When senior Richard Kim interned at Google last summer, he was fascinated by one of the features of their Wi-Fi network. According to Kim, a computer science major, the “go/” feature at Google allowed interns and employees to create web pages for one another that exist only on the Google Wi-Fi network. Pages such as “go/imstarving” would yield nearby places to eat, while “go/help” would send users to a help resource.
Kim wanted to bring this idea back to Tufts, and the result has been tufts.io.
Tufts.io, as a domain, has a longer and more winding story. The original URL was bought by a student in the Entrepreneurial Leadership Studies (ELS) program who wanted to create a network for entrepreneurs at Tufts, according to Kim.
It was then bought by senior Tom Wang, a computer science major who wanted to create a place for students to build projects online. The domain was then purchased by senior Alex Lenail before Kim obtained it from him.
Kim used the domain to help facilitate the Polyhack hackathon in the fall, of which he was the lead organizer. During the hackathon, he realized that tufts.io could serve a similar purpose as “go/” for computer science students and spent much of last December working on it.
He explained that tufts.io is a sort of archive for computer science projects that students build over the years.
“If someone builds a Rate My Professors for Tufts, then they submit it to this [tufts.io],” Kim said. “In five years time, if someone wants to build a new Rate My Professors for Tufts, then it’ll exist here in the archive, almost like a Google for Tufts projects.”
Kim hopes that through this domain, computer science majors will be able to more easily collaborate on projects and pass their projects down to future generations. He sees this as the solution to a real problem with the computer science department and among its students.
“Tufts CS isn’t cumulative, that’s the problem,” Kim said. “One of the differences between Tufts CS, Harvard CS and MIT CS is that at MIT, when students build a project, I think a lot of the time it has an impact and stays around.”
Tufts.io, which was co-created by junior Max Bernstein, has already been put to use for this purpose. One example of the numerous projects on tufts.io is StudentBridge, an Android app developed by senior Nicholas Carlino and junior Georgios Papakostas. StudentBridge allows students or teachers who are a part of a university to ask any questions to be answered by others from around their university community.
Many of the projects on tufts.io are final projects from computer science classes such as COMP 20: Web Programming or COMP 150: Mobile Development.
The current iteration of tufts.io is fairly different from Kim’s initial vision. Kim had wanted to create a platform that any member of the Tufts community could use to build web pages that would only be available to Tufts Wi-Fi users.
However, Tufts Technology Services (TTS) turned down this idea last semester. According to Kim, TTS argued that without any way to regulate the pages created and the content that would go on the site, it could pose security threats to users and to the university.
The future of tufts.io might lie outside of the computer science community. Sophomore Selena Groh, the producer of Torn Ticket II’s spring musical “Chicago,” said that the site also has potential as a link shortener, much like TinyURL or bitly.
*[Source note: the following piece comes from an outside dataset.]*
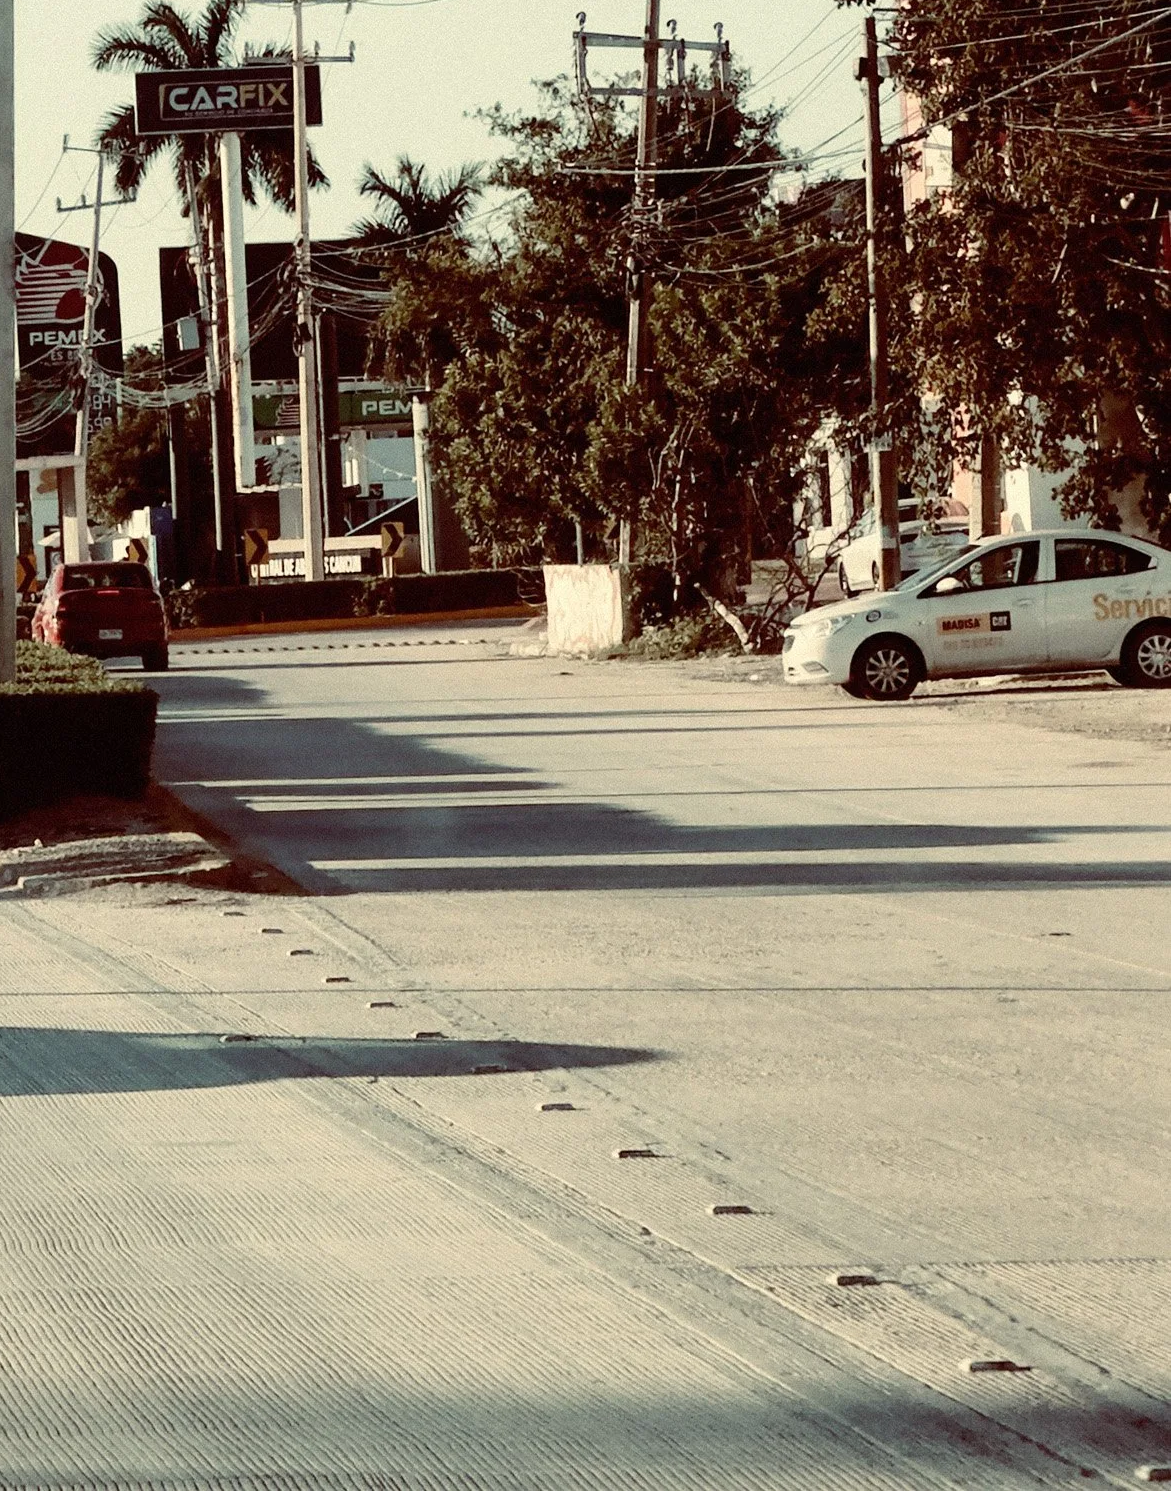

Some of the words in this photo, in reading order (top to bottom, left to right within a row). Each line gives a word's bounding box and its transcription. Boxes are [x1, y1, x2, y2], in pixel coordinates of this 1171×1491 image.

Torn Ticket II used the site to feature programs for “Chicago” online, which proved to be more cost effective than printing the programs.
“I thought it would be nice to just have tufts.io/chicago,” Groh said. “And since there is less on tufts.io, you have a choice of what you want the slash to be. I was trying to find that online. Apparently a lot of places don’t let you do that, but tufts.io did.”
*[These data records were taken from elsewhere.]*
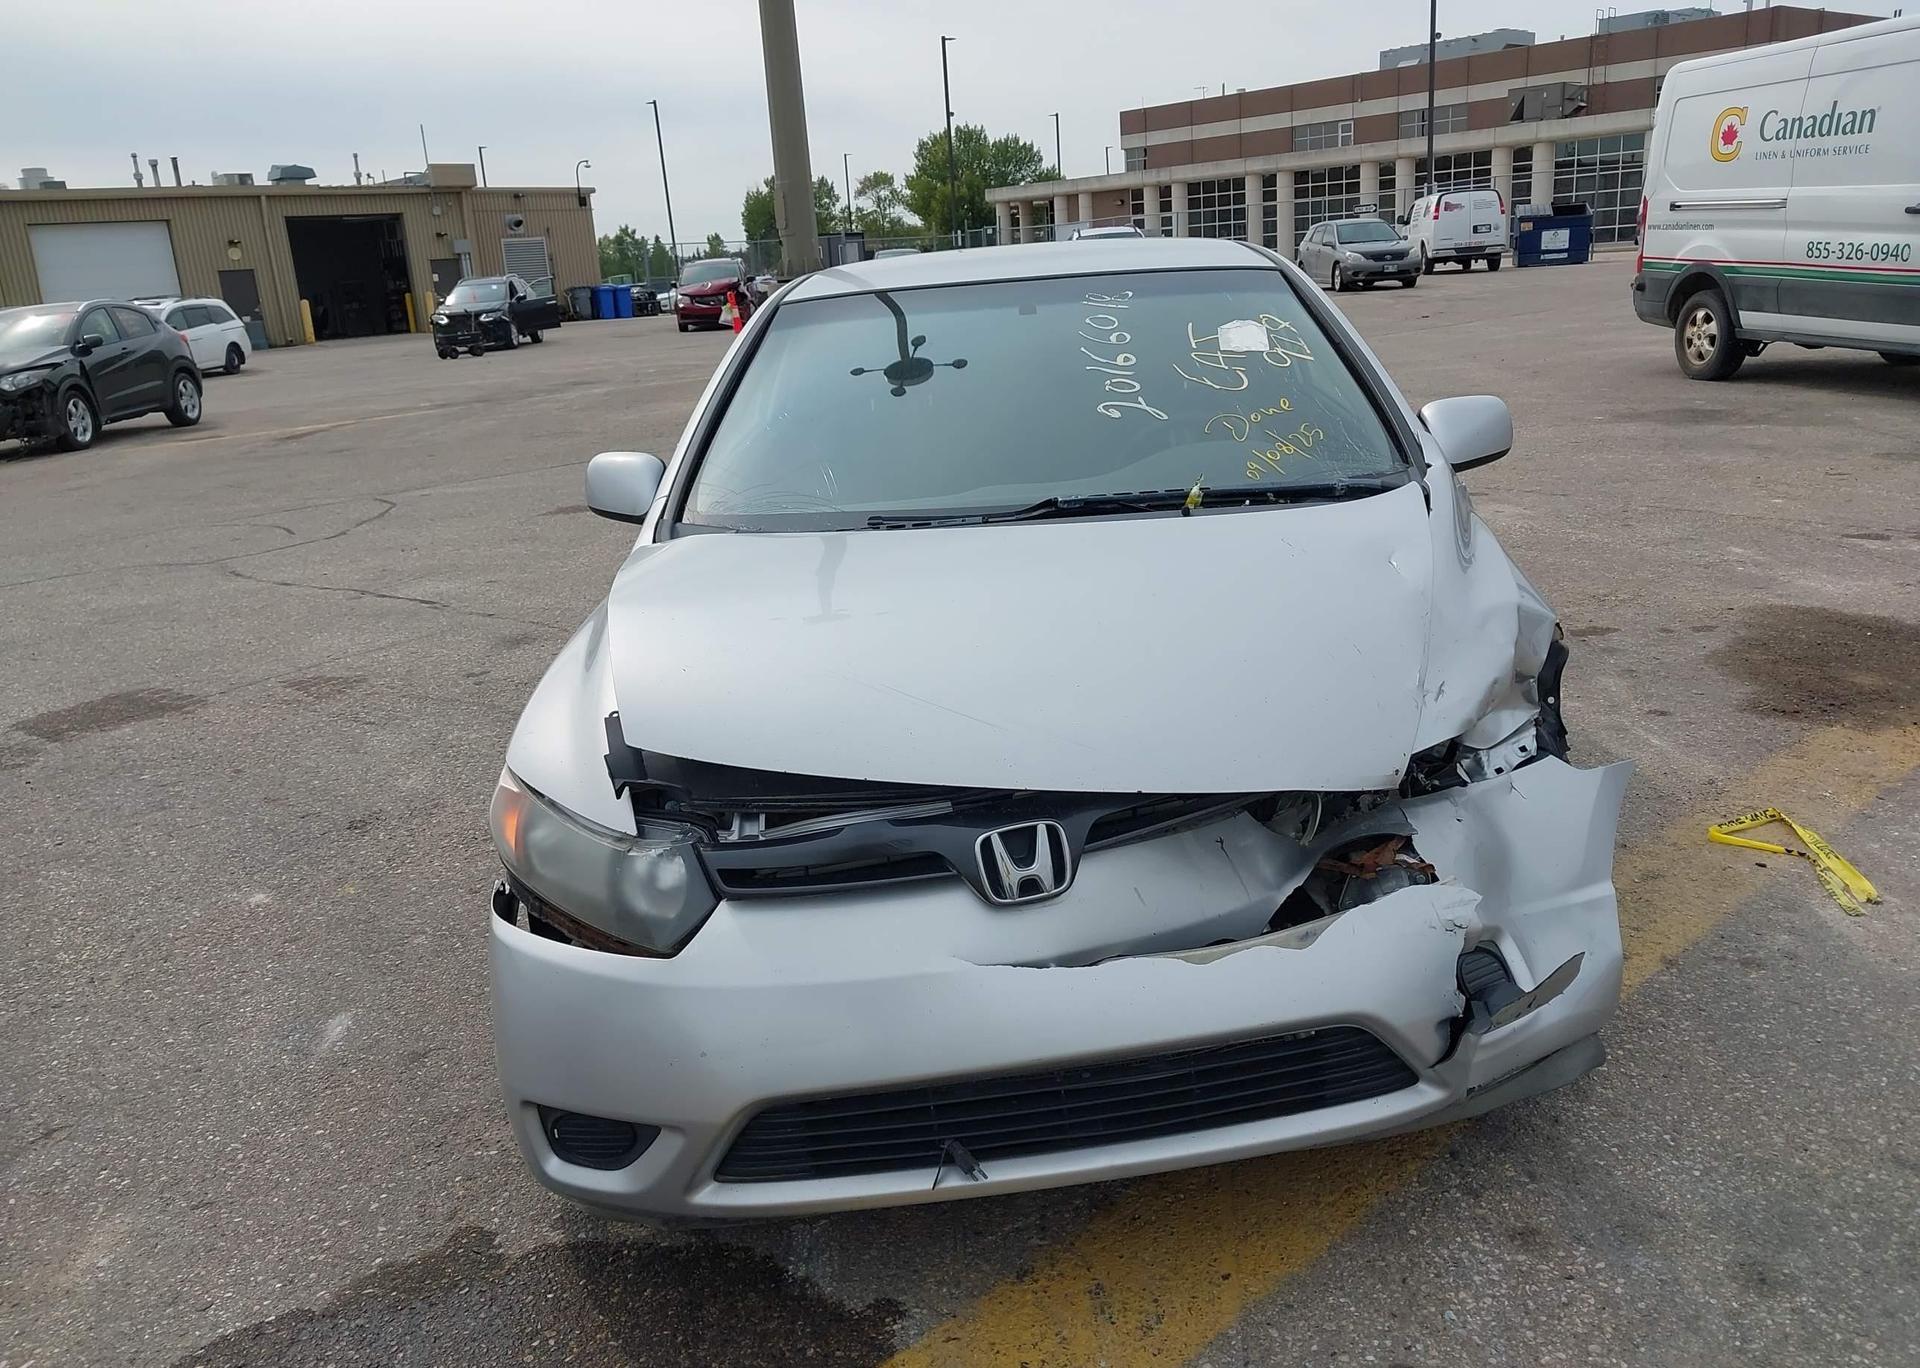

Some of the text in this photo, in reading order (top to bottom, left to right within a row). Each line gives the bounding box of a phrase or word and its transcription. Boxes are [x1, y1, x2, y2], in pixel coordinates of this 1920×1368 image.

[1759, 100, 1877, 142] Canadian
[1755, 150, 1778, 160] LINEN
[1789, 146, 1830, 159] UNIFORM
[1832, 143, 1871, 155] SERVICE
[1647, 221, 1715, 231] www.canadianlinen.com
[1806, 240, 1912, 262] 855-326-0940
[1204, 397, 1295, 442] Done
As of now, Kim has turned his attention to a project known as JumboSmash, a dating app for seniors that will be launched during senior week. Kim hopes that Bernstein will continue to work on the app after he graduates.
Bernstein, also a computer science major, has some ideas for how to further develop the project, but hasn’t nailed down the specifics just yet. In particular, he would like to try to make the domain specific to Tufts Wi-Fi, despite the concerns of TTS.
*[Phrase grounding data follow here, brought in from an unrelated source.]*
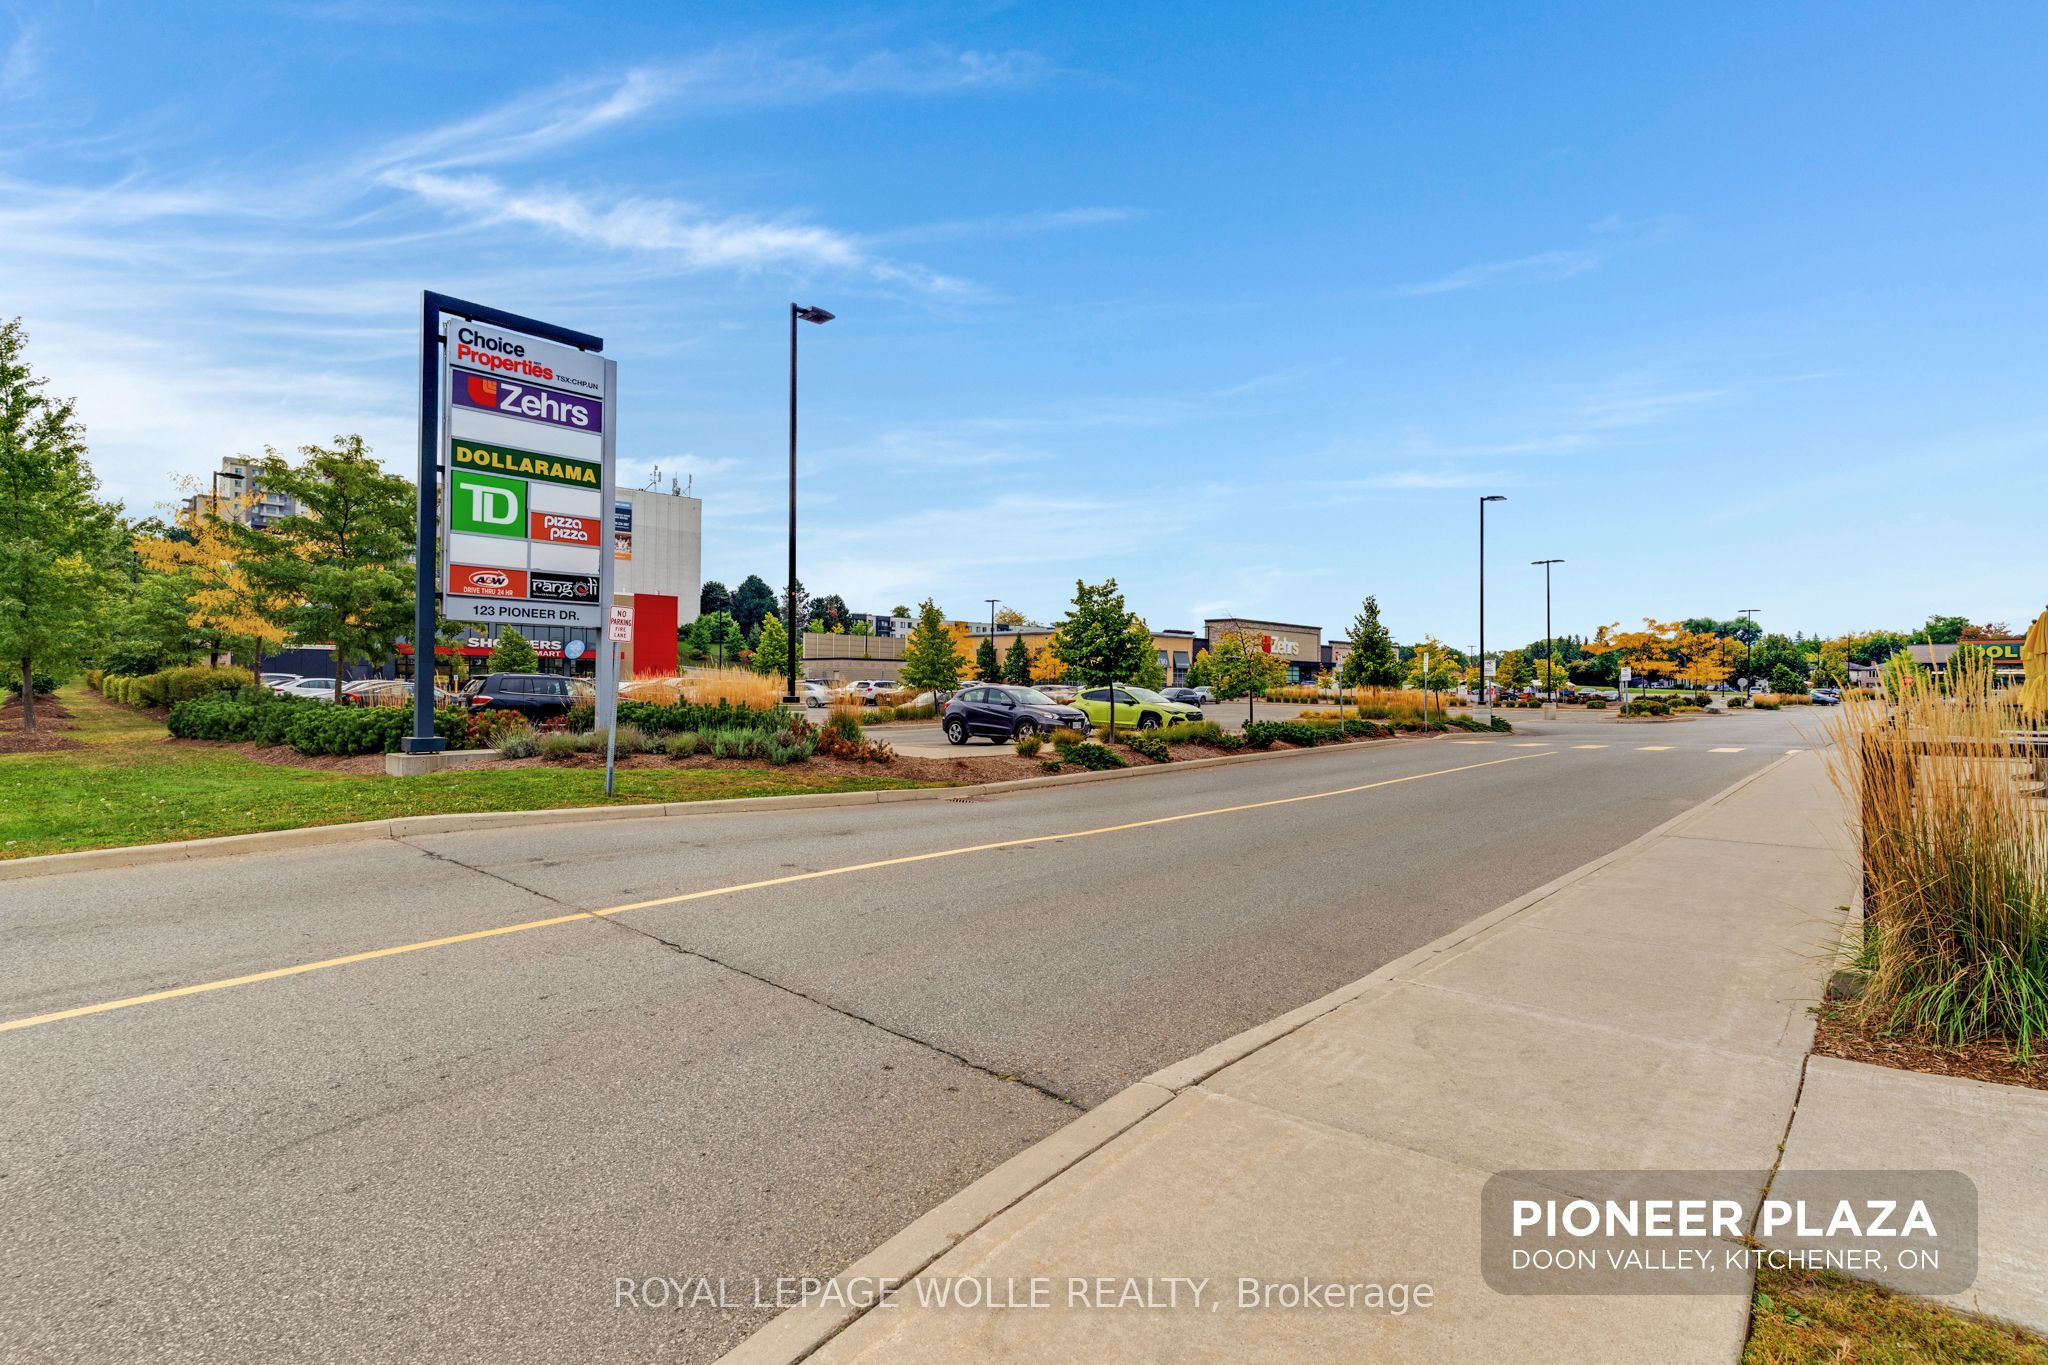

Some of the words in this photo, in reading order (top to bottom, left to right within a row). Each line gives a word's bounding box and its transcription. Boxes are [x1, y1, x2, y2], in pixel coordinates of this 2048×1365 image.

[458, 327, 525, 358] Choice
[457, 343, 553, 381] Properties
[556, 374, 599, 390] TSX:CHP.UN
[500, 382, 589, 427] Zehrs
[456, 446, 596, 484] DOLLARAMA
[460, 482, 519, 525] TD
[544, 515, 582, 530] pizza
[550, 527, 588, 542] pizza
[475, 576, 506, 585] A&W
[531, 577, 598, 598] rangoli
[463, 586, 480, 594] DRIVE
[481, 587, 496, 595] THRU
[497, 588, 505, 596] 24
[472, 605, 495, 617] 123
[499, 607, 556, 620] PIONEER
[559, 610, 580, 621] DR.
[610, 618, 632, 627] PARKING
[467, 637, 562, 651] SHOERS
“I had some initial ideas that would involve requiring users to add a setting or two to their computers to get [that] kind of functionality,” Bernstein said. “I have qualms with these ideas though. They would give the maintainer of the service far too much power over how people using tufts.io would view the internet. … I think it’s certainly possible with some imagination and a bit of persuasion, but I don’t know the answer yet.”